Saturday, July 18, 2015

mid July: A house with walls and solar panels

I'm tentatively excited at the thought of living in this house. I am letting myself be taken a little by the excitement, fearful though I am that things will fall apart and the million little things that make a house a house will take another year. (Fair enough, if that constitutes things falling apart in my life I'm a bit stuck in my head, I know.)

The kids climbing up and down the mound, or our own tiny hill. We've put an empty top bar hive on it, waiting for a hive to make it's home there. We will put two more hives-- one regular langstrom with a swarm already in it, and one Perone hive. Hoping to experiment and learn which works better for the bees and us (under the guidance of my dad, the beekeeper)
The house is pretty close to complete in some ways-- we have our solar panels, locked away in our container (don't get me started on the subject of security). We have our water tanks. We almost have our downspout to discard dirty water before it enters our water storage tanks. We have pipes that will currently dump our greywater out mere centimeters from our home (we're working on that). So we don't yet have a greywater system. We have fancy LED lights that are supposed to last approximately forever. We have walls, mostly. With walls, our house looks stupidly tiny. It's good that I am more idealistic than practical. We also have windows, though not in the sunroom. Anyway, what's striking to me is that there are about a million tiny details that make a house work, and when you go off-grid, those tiny things are no longer automatic. They're stuff that we actually have to make decisions on, spend energy and time on.

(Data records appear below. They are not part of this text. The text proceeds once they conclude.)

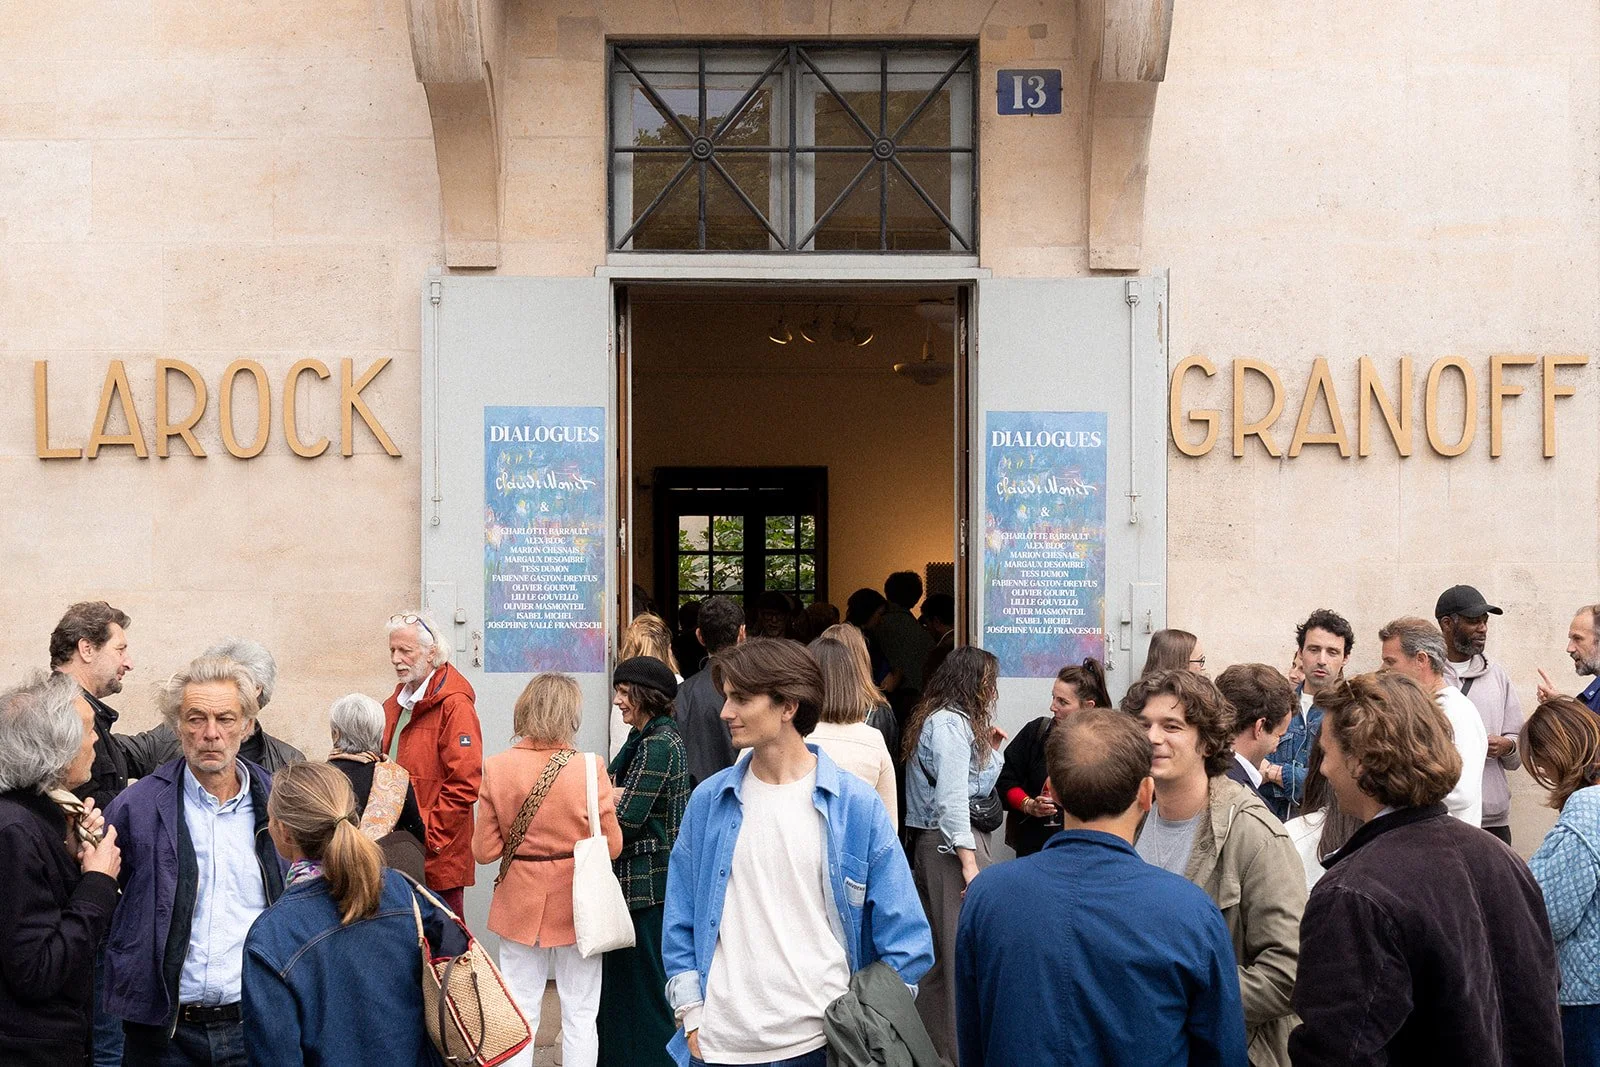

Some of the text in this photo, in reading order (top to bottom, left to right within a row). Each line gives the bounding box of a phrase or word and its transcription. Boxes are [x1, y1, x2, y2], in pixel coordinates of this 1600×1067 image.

[1012, 75, 1047, 109] 13
[34, 357, 401, 459] LAROCK
[1170, 353, 1589, 458] GRANOFF
[490, 426, 599, 442] DIALOGUES
[992, 431, 1101, 447] DIALOGUES
[540, 501, 549, 512] &
[1040, 507, 1049, 517] &
[525, 537, 566, 545] ALEX BLOC
[1024, 542, 1066, 550] ALEX BLOC
[521, 565, 569, 573] TESS DUMON
[992, 580, 1098, 588] FABIENNE GASTON-DREYFUS
[517, 612, 573, 620] ISABEL MICHEL
[487, 621, 602, 629] JOSÉPHINE VALLÉ FRANCESCHI
[987, 626, 1102, 634] JOSÉPHINE VALLÉ FRANCESCHI

yeah. we got a car. It's a late-model-used polo. we're trying to experiment with getting 3 car seats in the back. Otherwise we have to feed up Noah until it seems reasonable to put him in a booster seat.
Figuring out the fascias-- a couple of weeks ago.

Building sometimes involves taking the kids on errands when they're not super keen, or keeping them on the farm while we're meeting with people. But on this day, we came to the nearby Imhoff farm afterwards, where there's a rope and this view.

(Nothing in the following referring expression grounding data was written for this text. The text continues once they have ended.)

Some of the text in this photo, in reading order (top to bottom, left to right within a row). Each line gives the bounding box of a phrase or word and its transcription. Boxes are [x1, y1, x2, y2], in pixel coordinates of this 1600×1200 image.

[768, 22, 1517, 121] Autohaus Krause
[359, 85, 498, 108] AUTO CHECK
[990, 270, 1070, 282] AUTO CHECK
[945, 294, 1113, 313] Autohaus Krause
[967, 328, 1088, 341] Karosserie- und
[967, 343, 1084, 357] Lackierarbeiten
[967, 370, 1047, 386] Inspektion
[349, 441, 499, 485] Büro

Our kitchen sink. Feels like it deserves it's own "before" picture. Eug has been building us a kitchen counter, and a space to take this sink.
In the meantime, trains take up a big part of the kids' lives... 
On a different note, I was thinking a bit about where we were three and a half years ago when we left the U.S. and traveled to South Africa. Amongst the things that have been hard: the fact that we have not returned to the U.S. since we left, and felt that sense of belonging in Boston, the city where everyone seems to come from somewhere else, (not to mention the joy of Amazon and Pho and Thai and bagels and cheap cream cheese). But more seriously, living in the midst of socioeconomic inequalities in South Africa. We are super privileged in an very unequal society, which comes with very little clarity about what it means to live morally in this context. Perhaps that is the point.

Pretty much what we're hoping for our kids. The view from our window, in the loft.